Check track commit is on or off using the following query
show track_commit_timestamp;
If it return "ON" go to step 3 else modify postgresql.conf
cd /etc/postgresql/9.5/main/
vi postgresql.conf
Change
track_commit_timestamp = off
to
track_commit_timestamp = on
Restart the postgres / system
Repeat step 1.
Use the following query to track last commit
SELECT pg_xact_commit_timestamp(xmin), * FROM YOUR_TABLE_NAME;
SELECT pg_xact_commit_timestamp(xmin), * FROM YOUR_TABLE_NAME where COLUMN_NAME=VALUE;
Upvotes: 5
Reputation: 324375
There is no built-in way to do this - and all the approaches that check the file mtime described in other answers here are wrong. The only reliable option is to add triggers to every table that record a change to a single change-history table, which is horribly inefficient and can't be done retroactively.

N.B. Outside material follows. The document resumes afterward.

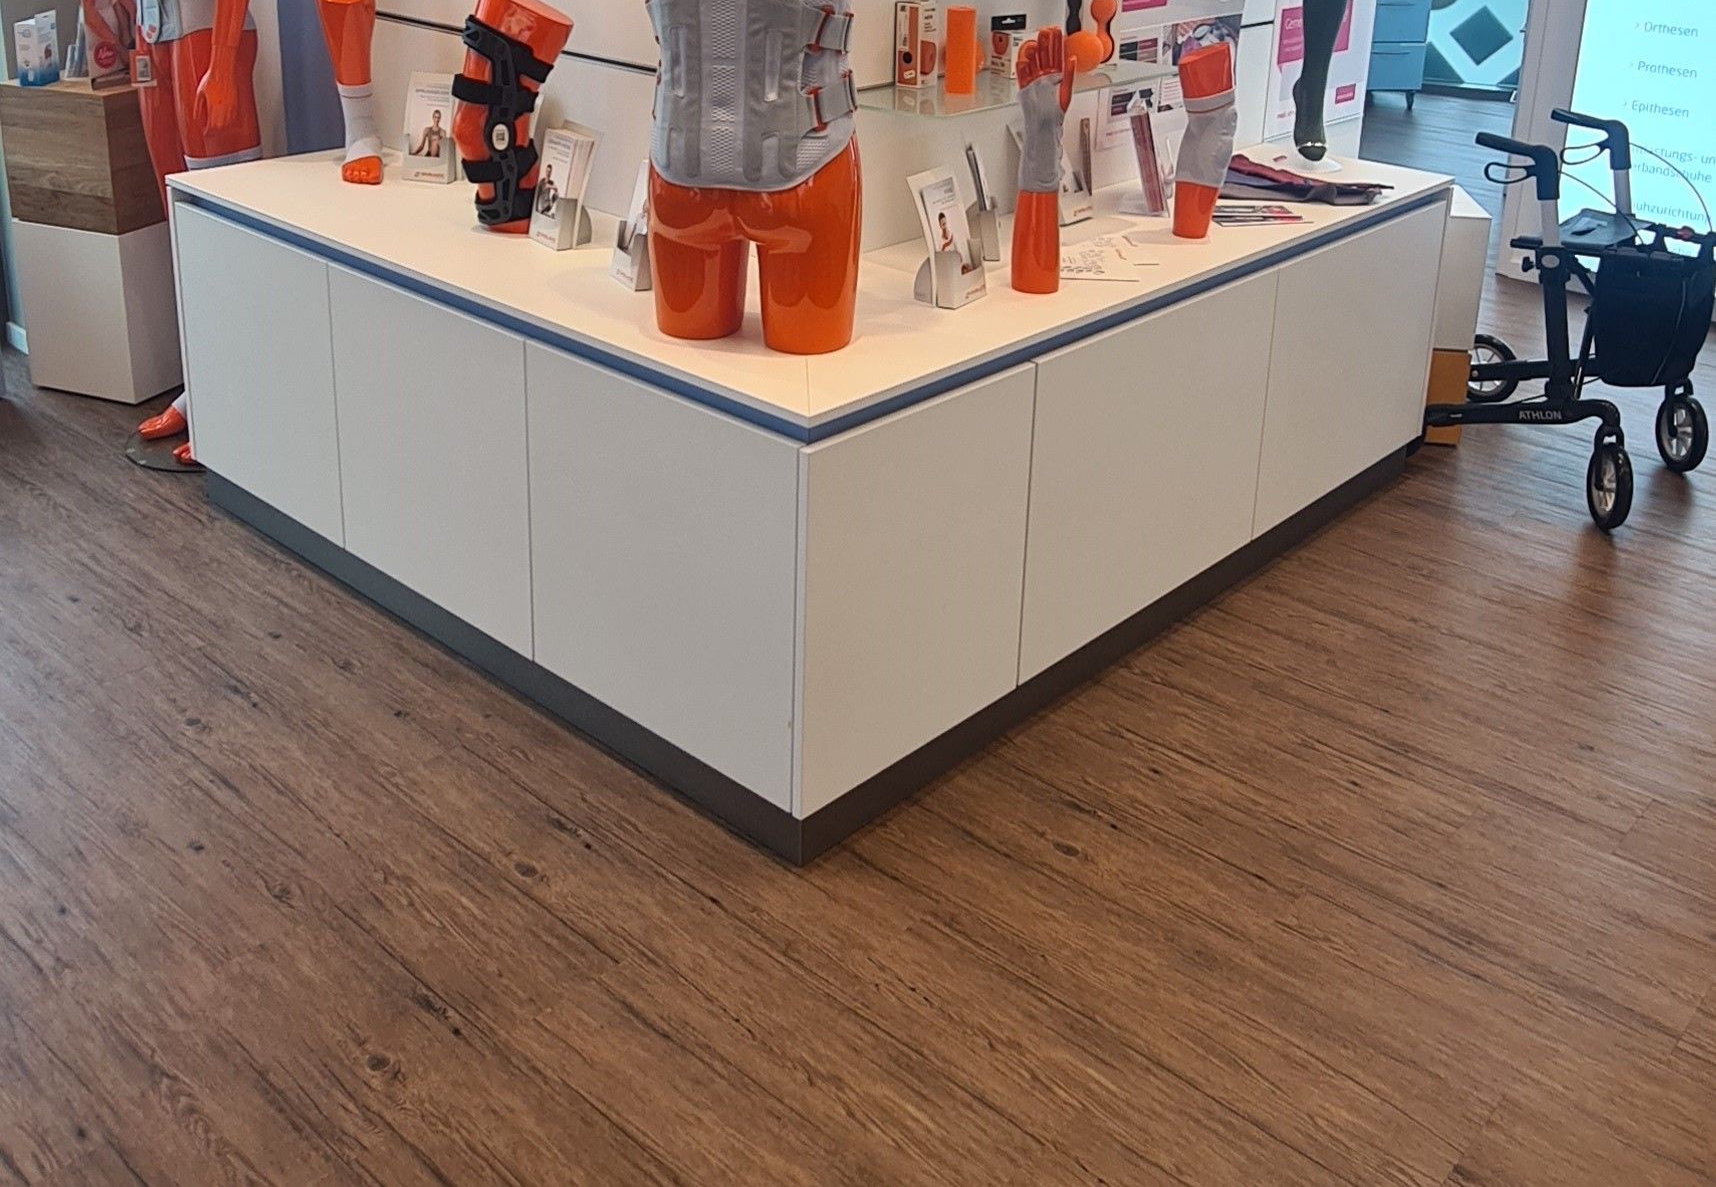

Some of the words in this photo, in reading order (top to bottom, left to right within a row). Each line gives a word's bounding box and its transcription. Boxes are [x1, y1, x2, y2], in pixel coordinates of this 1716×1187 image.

If you only care about "database used" vs "database not used" you can potentially collect this information from the CSV-format database log files. Detecting "modified" vs "not modified" is a lot harder; consider SELECT writes_to_some_table(...)
.
If you don't need to detect old activity, you can use pg_stat_database
, which records activity since the last stats reset. e.g.:
-[ RECORD 6 ]--+------------------------------
datid | 51160
datname | regress
numbackends | 0
xact_commit | 54224
xact_rollback | 157
blks_read | 2591
blks_hit | 1592931
tup_returned | 26658392
tup_fetched | 327541
tup_inserted | 1664
tup_updated | 1371
tup_deleted | 246
conflicts | 0
temp_files | 0
temp_bytes | 0
deadlocks | 0
blk_read_time | 0
blk_write_time | 0
stats_reset | 2013-12-13 18:51:26.650521+08
so I can see that there has been activity on this DB since the last stats reset. However, I don't know anything about what happened before the stats reset, so if I had a DB showing zero activity since a stats reset half an hour ago, I'd know nothing useful.
Upvotes: 10
Reputation: 162
My way to get the modification date of my tables:
Python Function
CREATE OR REPLACE FUNCTION py_get_file_modification_timestamp(afilename text)
RETURNS timestamp without time zone AS
$BODY$
import os
import datetime
return datetime.datetime.fromtimestamp(os.path.getmtime(afilename))
$BODY$
LANGUAGE plpythonu VOLATILE
COST 100;
SQL Query
SELECT
schemaname,
tablename,
py_get_file_modification_timestamp('*postgresql_data_dir*/*tablespace_folder*/'||relfilenode)
FROM
pg_class
INNER JOIN
pg_catalog.pg_tables ON (tablename = relname)
WHERE
schemaname = 'public'
I'm not sure if things like vacuum can mess this aproach, but in my tests it's a pretty acurrate way to get tables that are no longer used, at least, on INSERT/UPDATE operations.
Upvotes: 2
Reputation: 2099
You can do it via checking last modification time of table's file. In postgresql,every table correspond one or more os files,like this:
select relfilenode from pg_class where relname = 'test';
the relfilenode is the file name of table "test".Then you could find the file in the database's directory.
in my test environment:
cd /data/pgdata/base/18976
ls -l -t | head
the last command means listing all files ordered by last modification time.